When asked how much they read outside of comics and how they incorporated philosophy into their work, Morrison joked, “I just read tons and tons of Stan Lee comics. That’s where all the good ideas come from.”

“People don’t like to be preached to, and I love to preach,” lee said. “So it had to be done very subtlety.” He said he would sneak “subliminal messages” into Silver Surfer and Thor, and sometimes even Spider-Man, about making the world a better place.

A fan asked if Iron Man and The Incredible Hulk would team up in the next Marvel movie.

“We have a comic book called the Avengers,” Lee said. “Now, your guess is as good as mine, but it might be an educated guess. That’s all I’m at liberty to say, or they’ll shoot me.”

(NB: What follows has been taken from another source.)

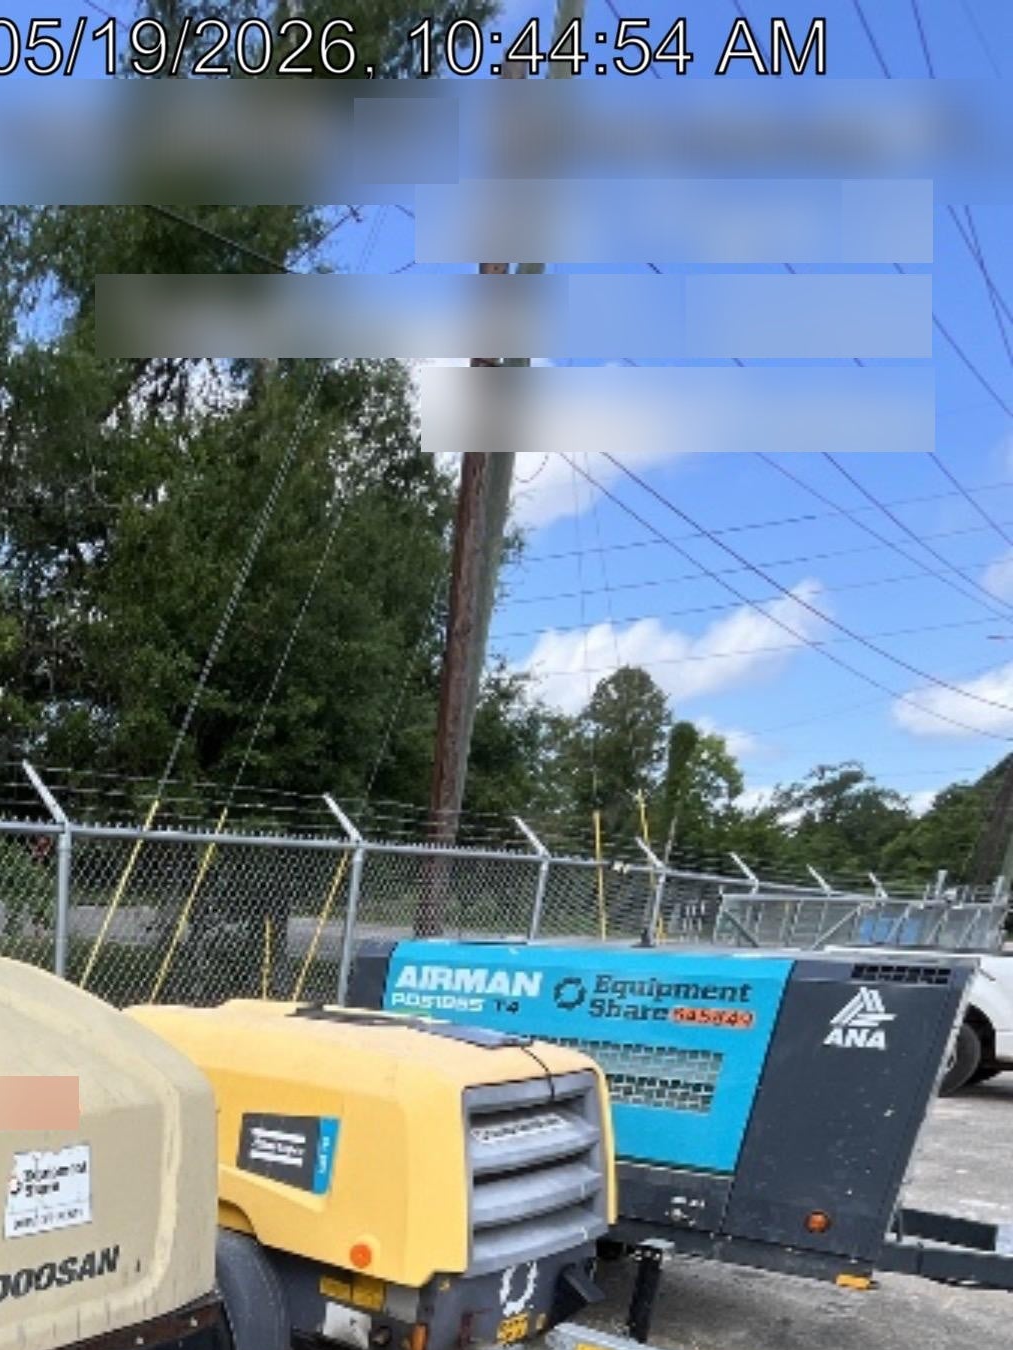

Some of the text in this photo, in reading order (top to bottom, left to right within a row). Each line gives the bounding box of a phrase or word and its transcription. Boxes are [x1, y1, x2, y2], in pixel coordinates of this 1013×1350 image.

[395, 965, 542, 998] AIRMAN
[593, 974, 753, 1003] Equipment
[589, 998, 669, 1021] Share
[822, 1027, 888, 1051] ANA

Another fan asked what Stan Lee character Morrison would like to work on.

He said Iron Man or the Hulk. “Spider-Man is the one I don’t think I could ever do.”

A fan thanked Lee for his modesty -- “I’m known for that, he joked – and asked if there were any comics or characters he regretted creating. The answer? Fantastic Four villain Diablo. Lee said he came up with the name and Kirby came up with a great visual, but the story just wasn’t there. “I just liked the name,” he said.

And finally, a fan asked Lee if he ever thought about retiring, which was met with boos from the crowd.

“I’m really having too much fun,” he said.